Angry Bear

Bear Stearns chairman James Cayne.Photo: Daniel Acker/Bloomberg News/Landov (Cayne); Newscom (men); Bebeto Matthews/AP (building)

The 22nd-floor conference room was packed tight. Stacks of documents and crusty takeout cartons littered the table. On Friday night, March 14, a team of Bear Stearns employees from the $1 billion Global Clearing division holed up in the firm’s Madison Avenue headquarters analyzing their operations until midnight. On different floors, other Bear employees worked to assemble financial information that could tell them how sick the firm really was. The greatest crisis in Bear’s 85-year history was careering out of control. In just five days, Bear’s stock had plunged amid rumors that the firm was out of cash. Perception is reality in business. The market had eviscerated the company, taking half of Bear’s value despite repeated assurances from Bear’s CEO, Alan Schwartz, that the company was in good shape, with a cushion of $17 billion in cash. With Bear on the brink of bankruptcy, JPMorgan Chase and the Federal Reserve extended a financial lifeline and prepared to buy Bear outright.

At the start of the week, Bear’s bankers and traders had begun to sense that something wasn’t right. Rumors of a looming “liquidity crisis,” in Wall Street parlance, spread through the financial system. “We started hearing information of certain clients getting skittish. It started with the small things,” one Bear staffer recalled. By Wednesday, with the stock down almost 20 percent and some banks refusing to trade with Bear, Schwartz, who was attending a conference in Palm Beach, Florida, went on CNBC to stanch the rumors. But his pronouncements had little effect.
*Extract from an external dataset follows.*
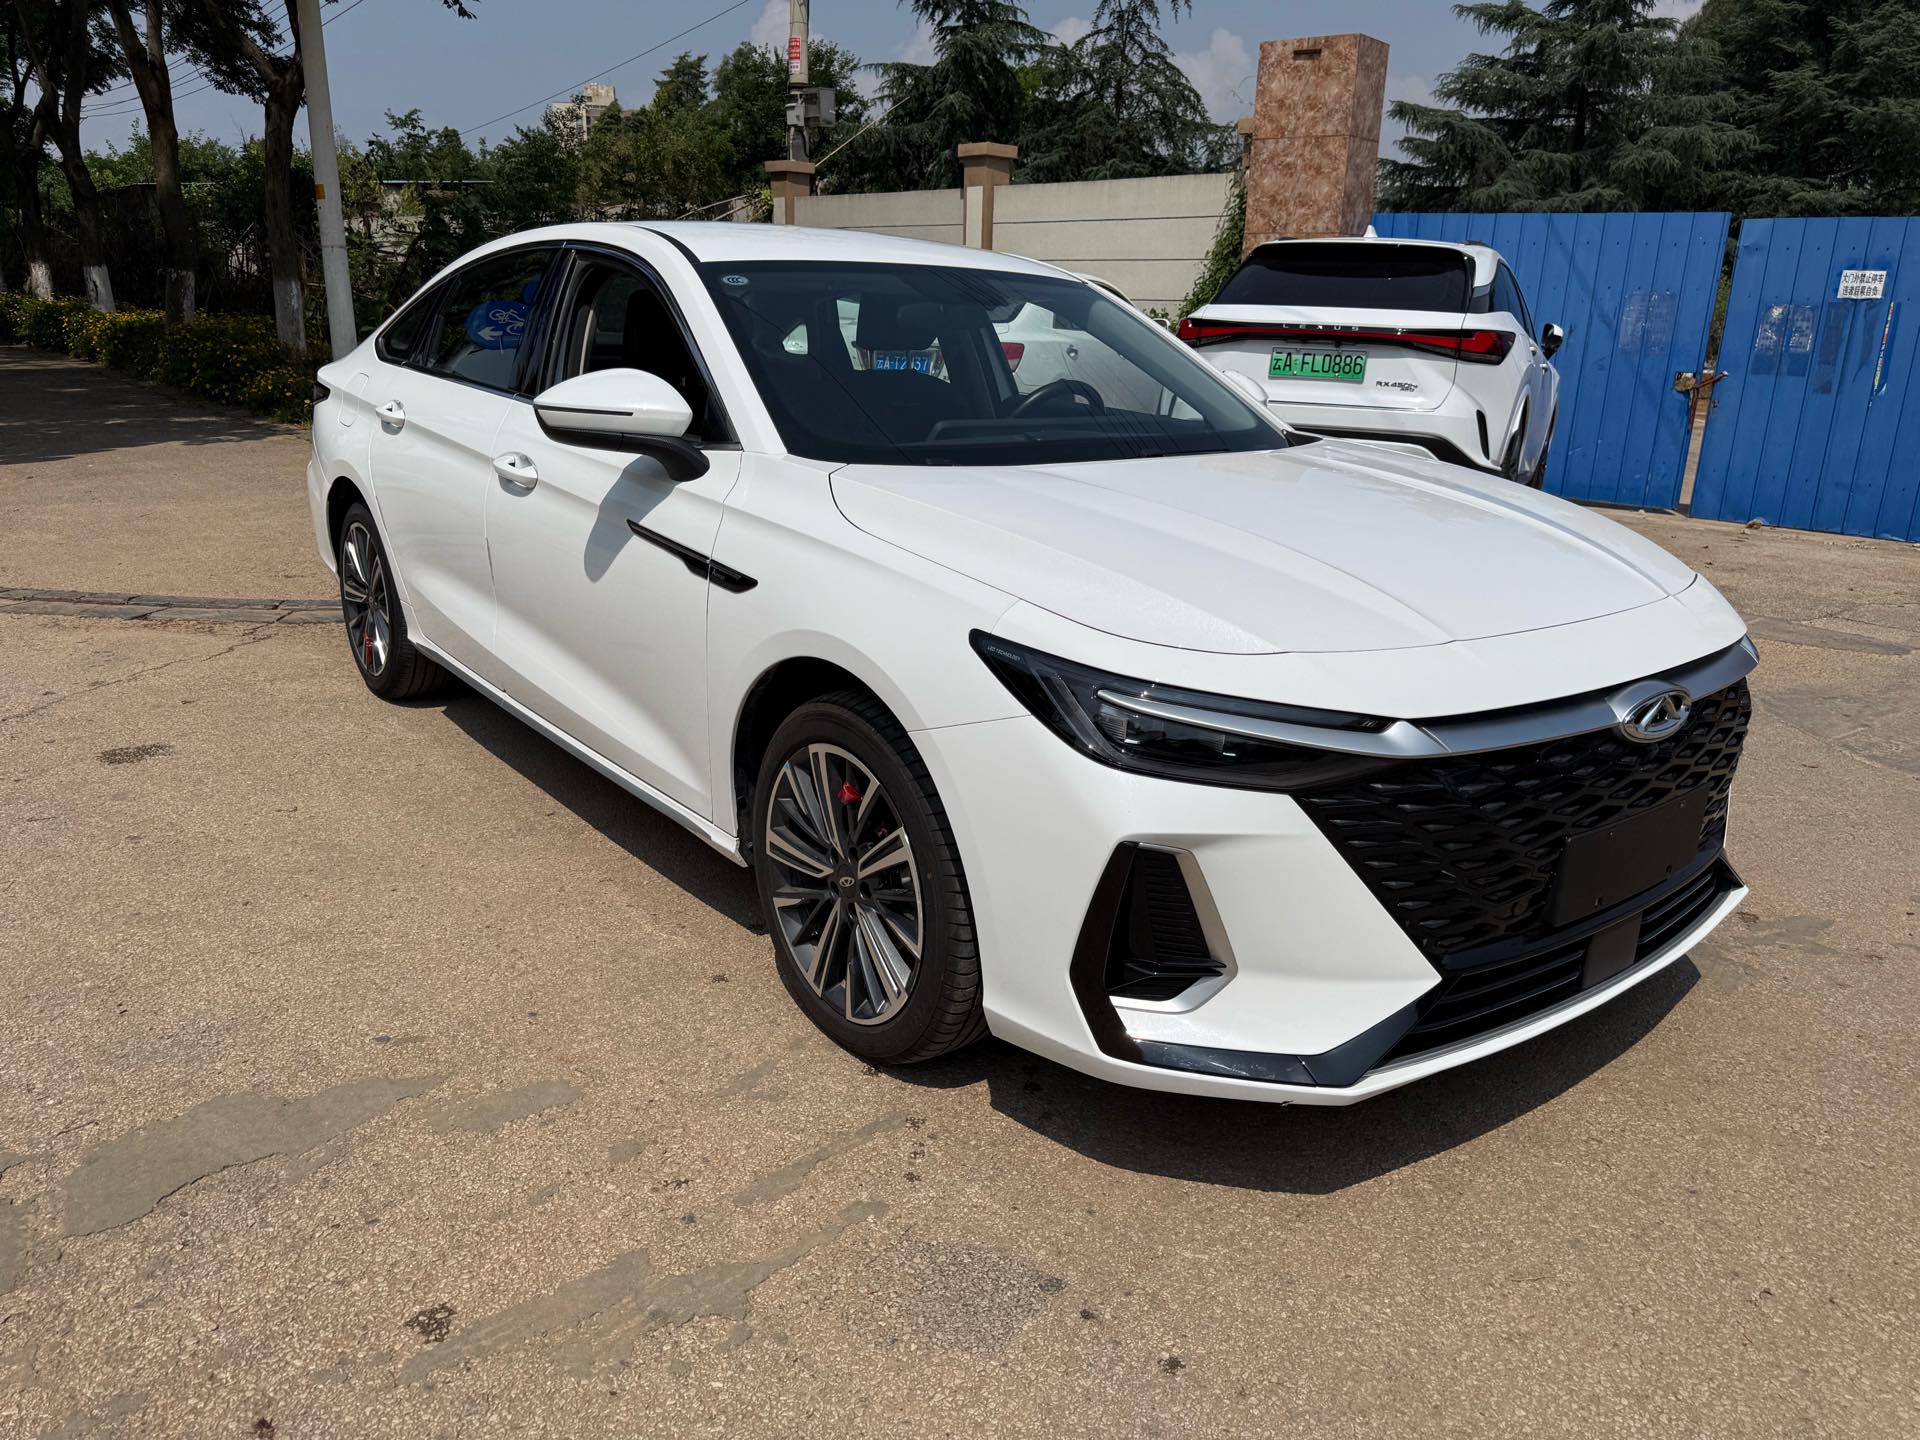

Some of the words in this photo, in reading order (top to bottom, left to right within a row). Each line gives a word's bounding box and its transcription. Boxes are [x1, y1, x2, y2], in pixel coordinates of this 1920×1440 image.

Bear’s employees surely knew they were writing the storied bank’s obituary as the weekend dragged on. At Bear’s offices, bankers from JPMorgan stalked the halls, picking through the remains of Bear’s business divisions. Late into Sunday afternoon, Bear’s board, led by chairman Jimmy Cayne, feverishly negotiated the sale with JPMorgan’s CEO, James Dimon, and the Fed. Bear staffers, nearly all of whom had significant wealth tied up in the firm’s cratered stock, were left to wonder just how much Bear would fetch. Fifteen dollars a share? Maybe $20? Only a week before, the stock had been as high as $70, and last January, it peaked at $171. After all, their Madison Avenue skyscraper was reportedly worth more than $1 billion, and the company was projected to earn a profit in the first quarter. The sale to JPMorgan was going to be bad, but maybe they could get out of this with something. Anything.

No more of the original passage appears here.